Pet Fencing – Stop Your Pet From Leaving Your Home

Posted on August 25, 2010 @ 2:05 am

If you own pets, you’re probably immediately worry if they don’t come home when you expect them to. Take dogs, for example, and their habit of touring the neighbourhood if they’re given the chance. They might go about inspecting trash bins, running after cars, and wander off to far to come home. One way to keep them fenced in is via installed traditional wooden fences. Still, this kind of pet fencing has its own set backs.

Wooden fences might not be able to prevent your dog from climbing over it. The problem with this is that the dog might get hurt in trying to get through or over the fence. If you have a full-time job, you might also find it inconvenient to take time off or devote many weekend hours to installing the wooden fence yourself.
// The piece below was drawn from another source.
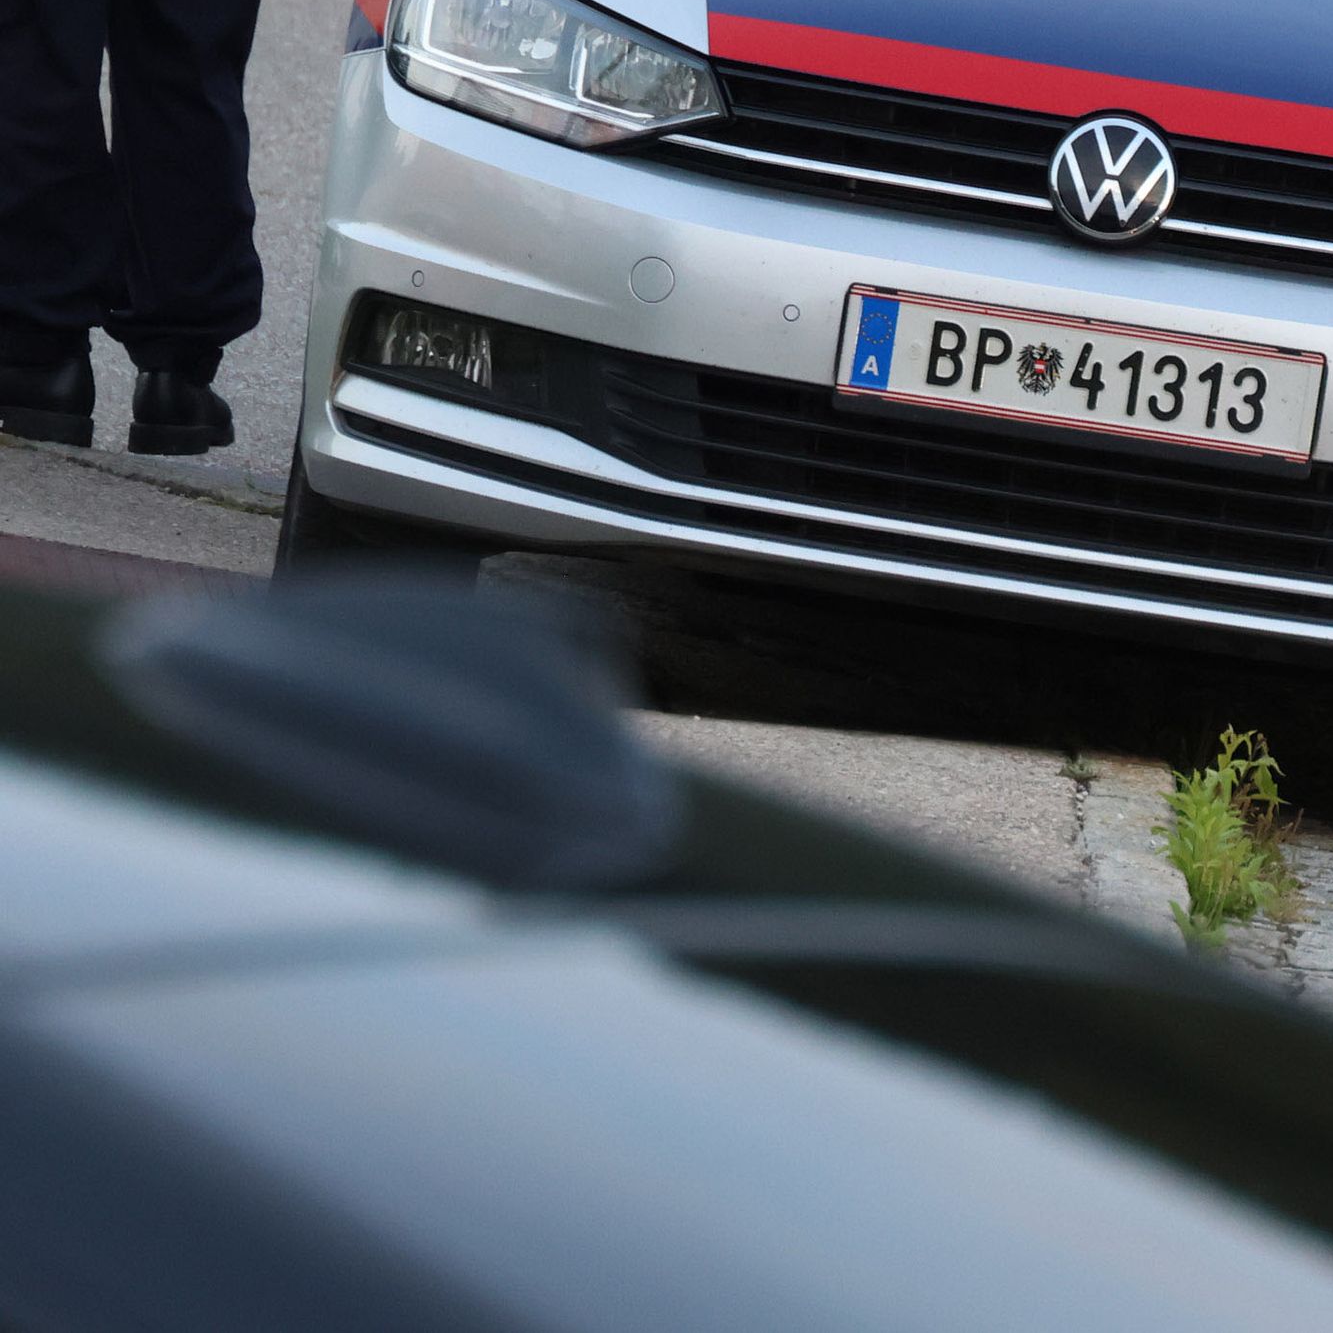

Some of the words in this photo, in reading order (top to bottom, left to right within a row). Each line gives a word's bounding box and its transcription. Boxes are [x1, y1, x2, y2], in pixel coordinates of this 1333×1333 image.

If you decide to push on by yourself, you’ll have to do much of the materials and tools shopping yourself. Even when you acquire the materials, you’ll need to use a digger to ensure a third of each post is buried securely. Even after you do those there’s no guarantee the fence would work as you imagine it to.

You could of course hire a contractor to do these yourself. But such digging might not be allowed, especially when you are only renting the place you live in. In some areas, community ordinances are in place which prohibited putting up such fences.

Invisible pet containment systems can do the job better, without ruining the landscape and costing you fees in violations of those rules. Pet fencing can work in several ways, all keeping your pet safe inside a perimeter. The kind of set up most employed makes use of wires buried around a perimeter. As with many other fencing systems of this type, it also uses a collar your dog is to wear. Any animal wearing that collar, when it nears the boundaries, hears a warning sound. Should the animal keep walking past the boundaries, it receives a mild corrective shock.

In another pet fencing, there are no wires around the area. It relies, instead, on radio signals a central source sends out to limit the “roaming” territory of the dog and to detect when the dog tries to leave that area. As with the previous system, the collar sends out a warning prior to a static shock when the dog tries to escape from the perimeter.

Training your dog to mind the warning and heed the shocks are needed. Whatever the cast, it is up to the dog owner.

If you want your pets safely inside your premises, there might be problems if you have initially planned on installing wooden fences. Some areas prohibited putting up such a pet fencing system. Probably the most cost-effective alternative is to install an electronic pet fencing.